Content starts
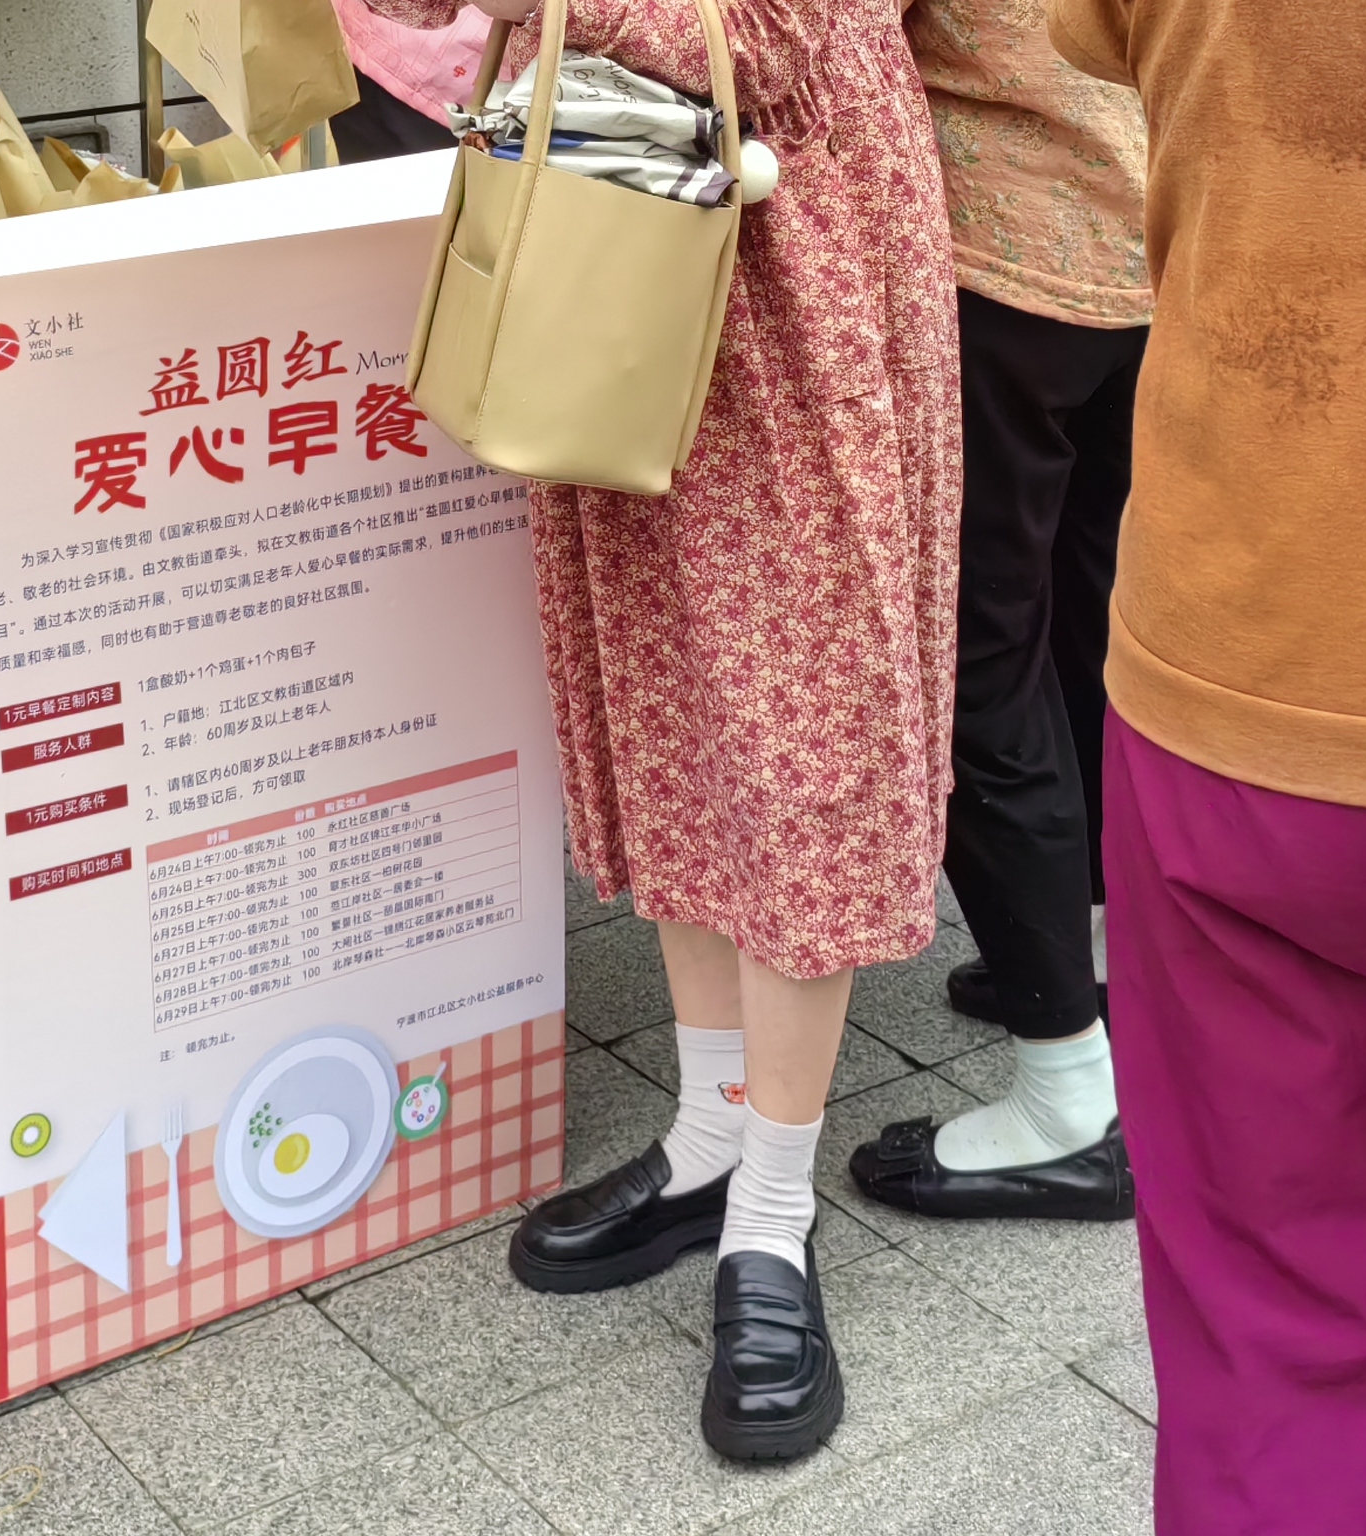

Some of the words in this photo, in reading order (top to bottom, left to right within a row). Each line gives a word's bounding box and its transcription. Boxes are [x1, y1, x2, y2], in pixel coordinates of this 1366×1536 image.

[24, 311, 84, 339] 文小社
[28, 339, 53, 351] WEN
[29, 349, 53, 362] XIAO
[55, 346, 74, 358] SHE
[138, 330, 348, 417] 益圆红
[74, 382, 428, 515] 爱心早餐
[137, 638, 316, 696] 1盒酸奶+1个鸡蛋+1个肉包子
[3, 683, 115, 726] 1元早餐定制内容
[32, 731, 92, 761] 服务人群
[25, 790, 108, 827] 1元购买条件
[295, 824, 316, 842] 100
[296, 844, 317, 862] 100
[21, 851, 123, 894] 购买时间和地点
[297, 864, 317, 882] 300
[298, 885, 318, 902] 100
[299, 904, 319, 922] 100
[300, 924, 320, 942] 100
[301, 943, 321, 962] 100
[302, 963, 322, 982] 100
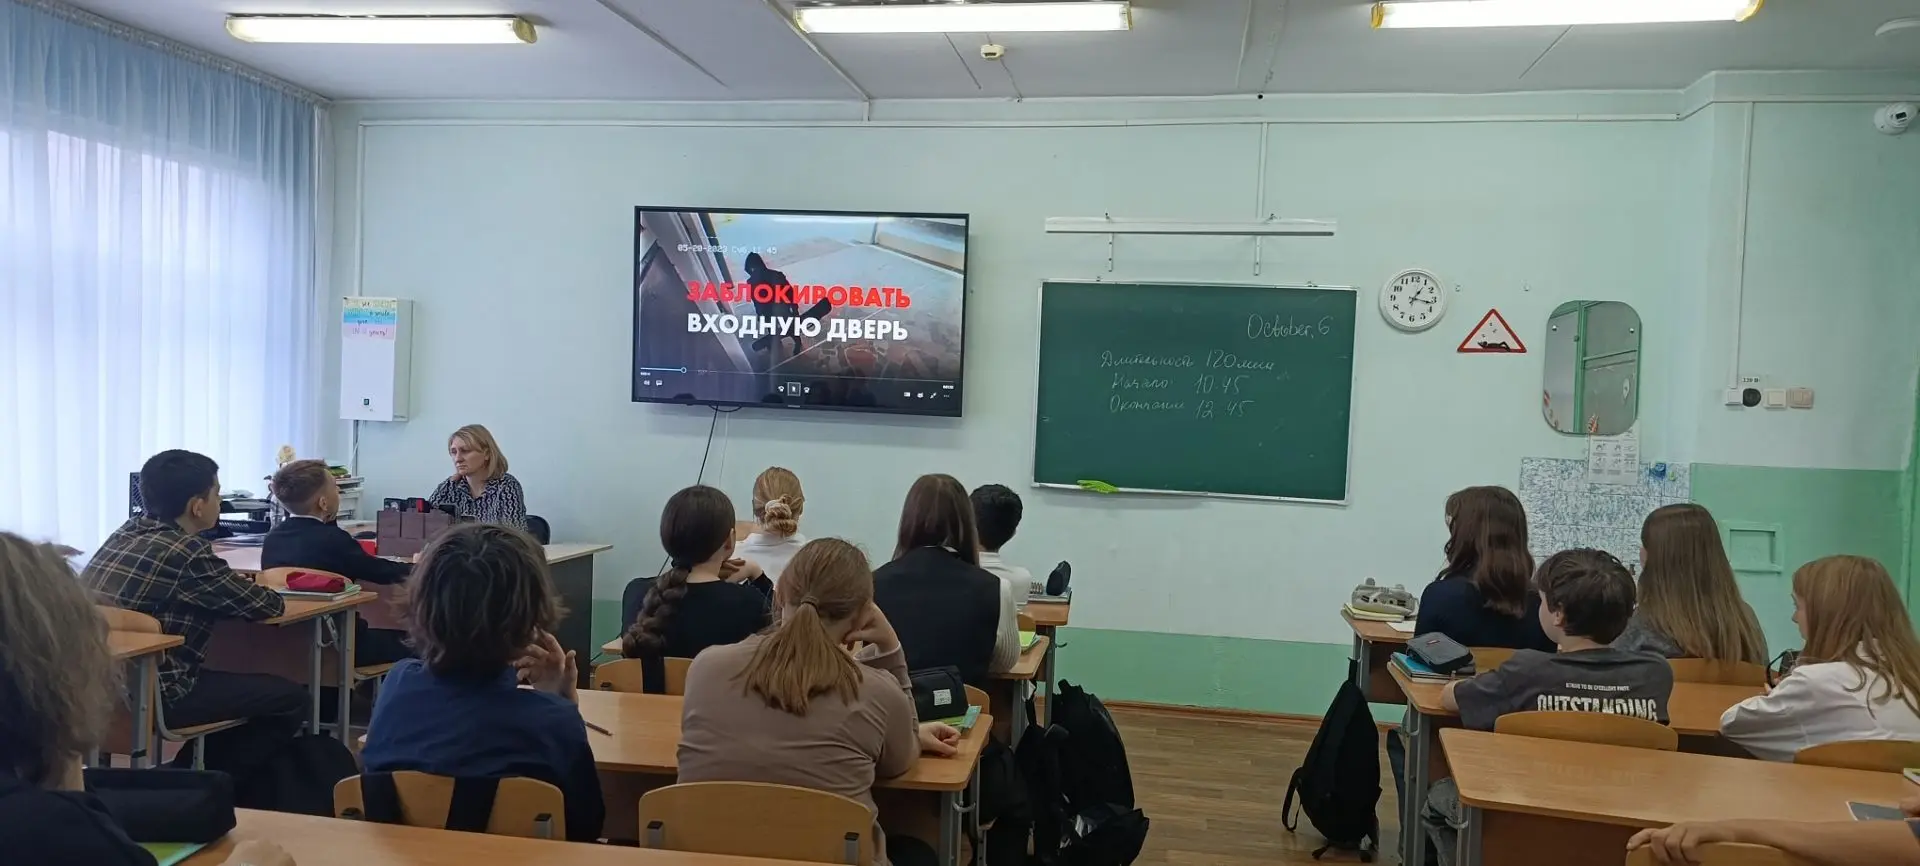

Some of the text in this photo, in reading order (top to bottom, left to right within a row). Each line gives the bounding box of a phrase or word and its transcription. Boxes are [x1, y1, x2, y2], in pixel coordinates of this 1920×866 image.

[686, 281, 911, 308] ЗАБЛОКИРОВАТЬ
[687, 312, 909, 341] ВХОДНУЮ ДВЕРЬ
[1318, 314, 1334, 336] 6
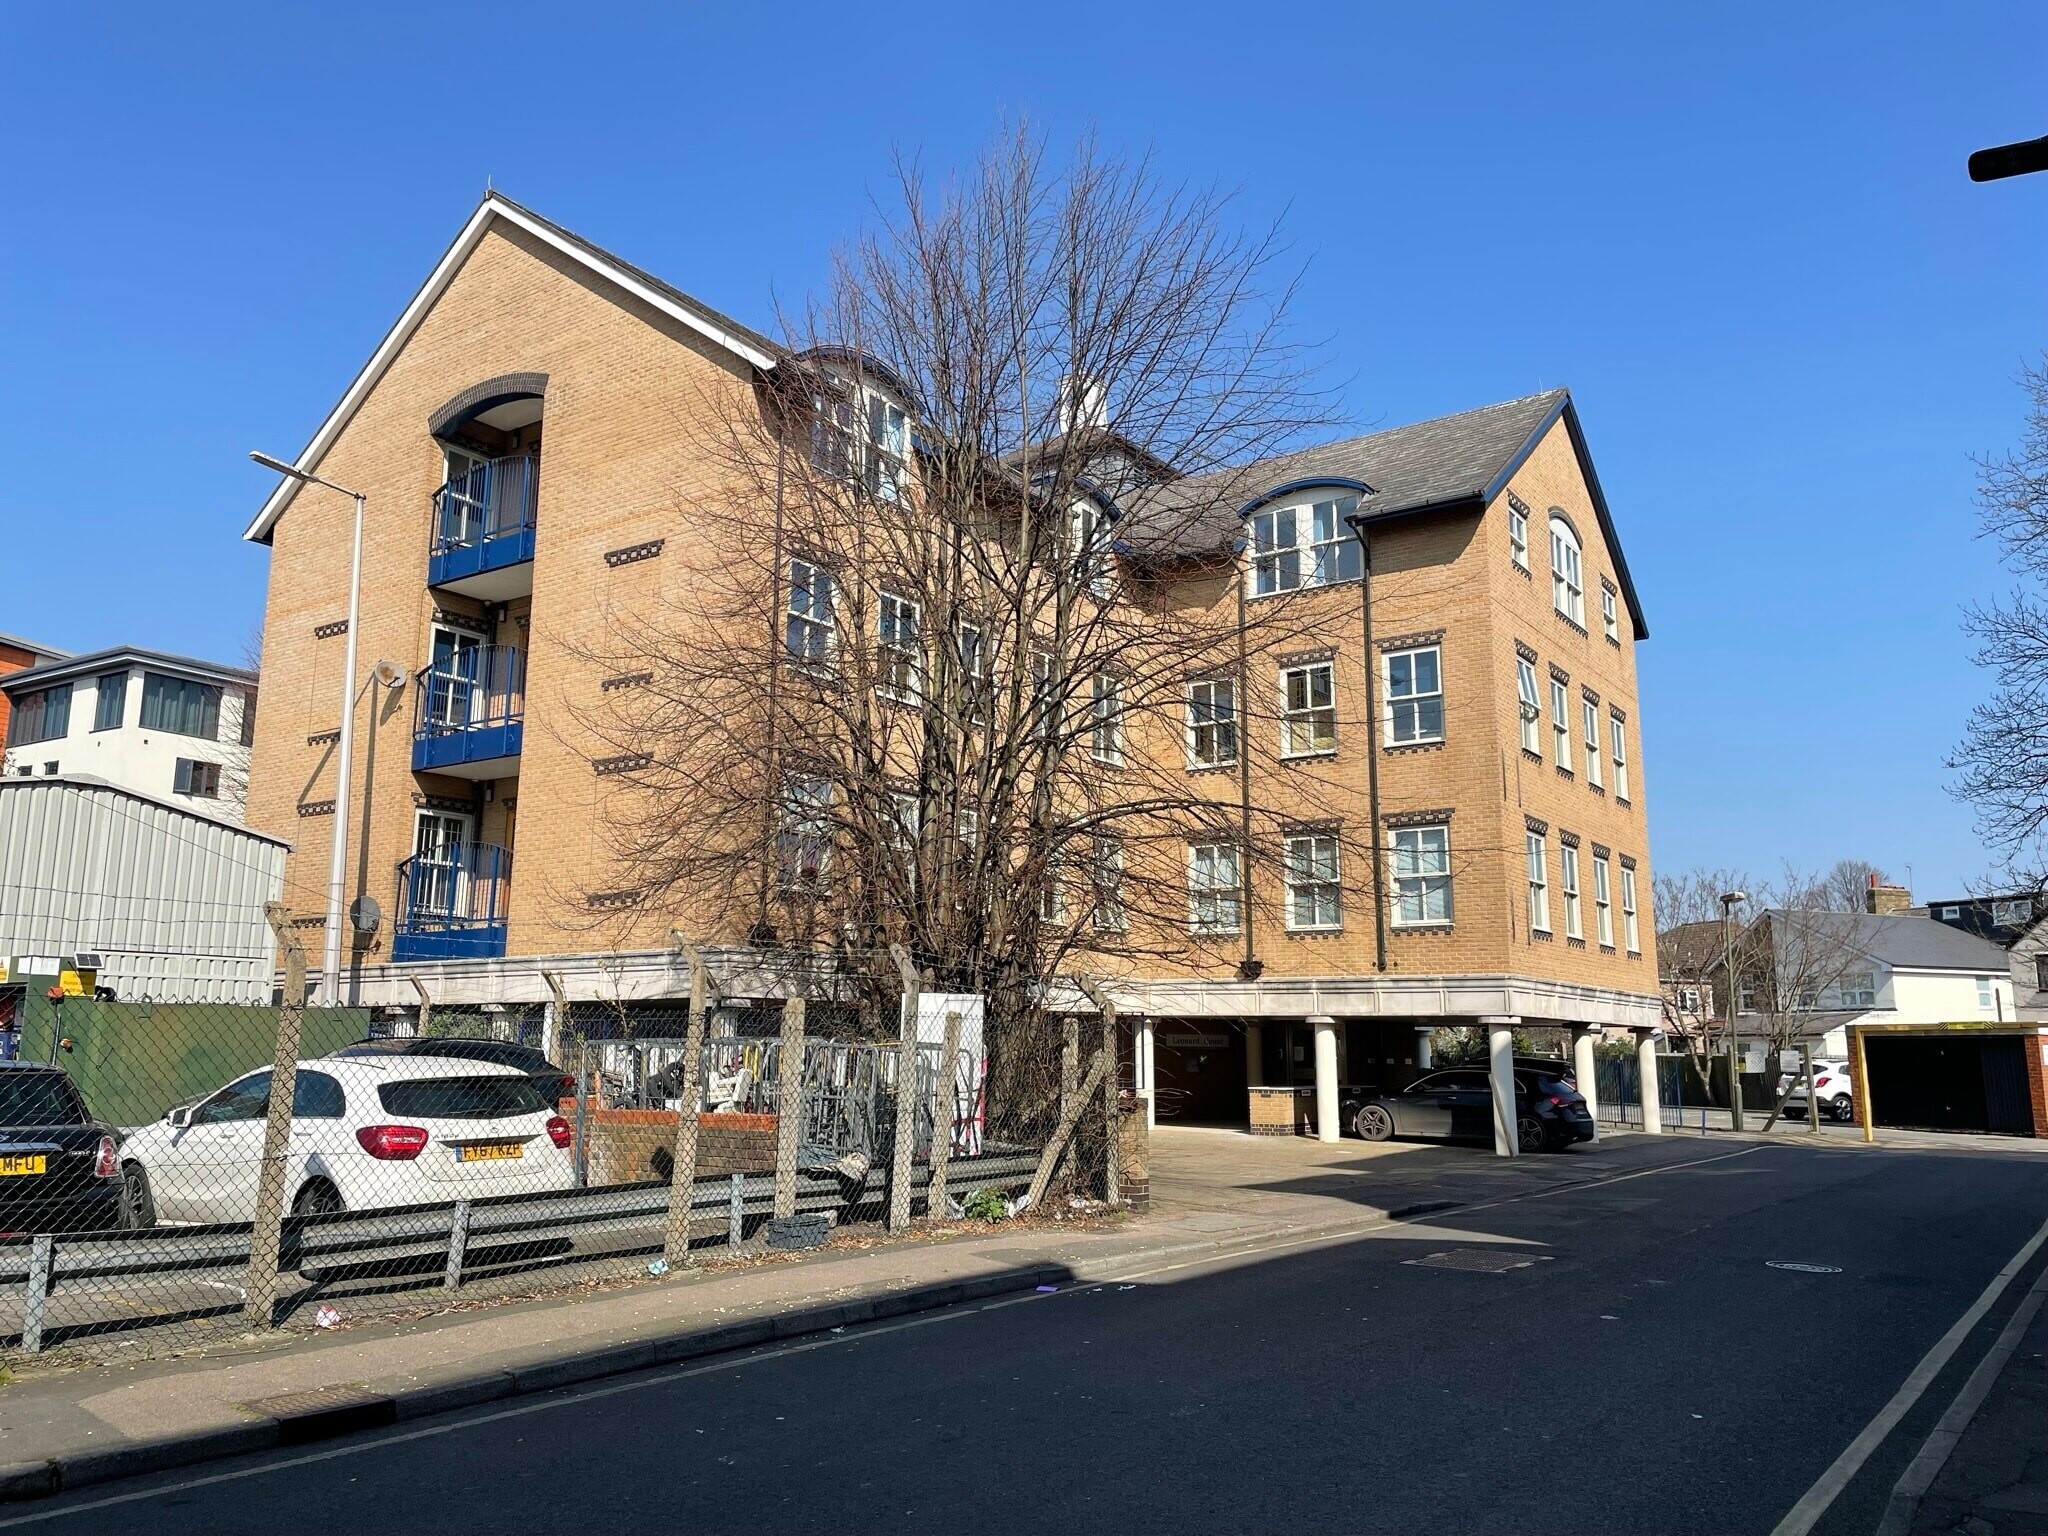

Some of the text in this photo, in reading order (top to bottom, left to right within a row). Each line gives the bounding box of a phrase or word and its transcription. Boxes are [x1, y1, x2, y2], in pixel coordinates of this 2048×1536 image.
Content ends
About this exercise:
Only what runs from the line containing "this 1920×866 image." through the end of the entries above should be extracted, exactly and without pictures.

Result of the task:
Some of the text in this photo, in reading order (top to bottom, left to right within a row). Each line gives the bounding box of a phrase or word and its transcription. Boxes are [x1, y1, x2, y2], in pixel coordinates of this 1920×866 image.

[686, 281, 911, 308] ЗАБЛОКИРОВАТЬ
[687, 312, 909, 341] ВХОДНУЮ ДВЕРЬ
[1318, 314, 1334, 336] 6

Some of the text in this photo, in reading order (top to bottom, left to right within a row). Each line gives the bounding box of a phrase or word and its transcription. Boxes are [x1, y1, x2, y2], in pixel coordinates of this 2048×1536 image.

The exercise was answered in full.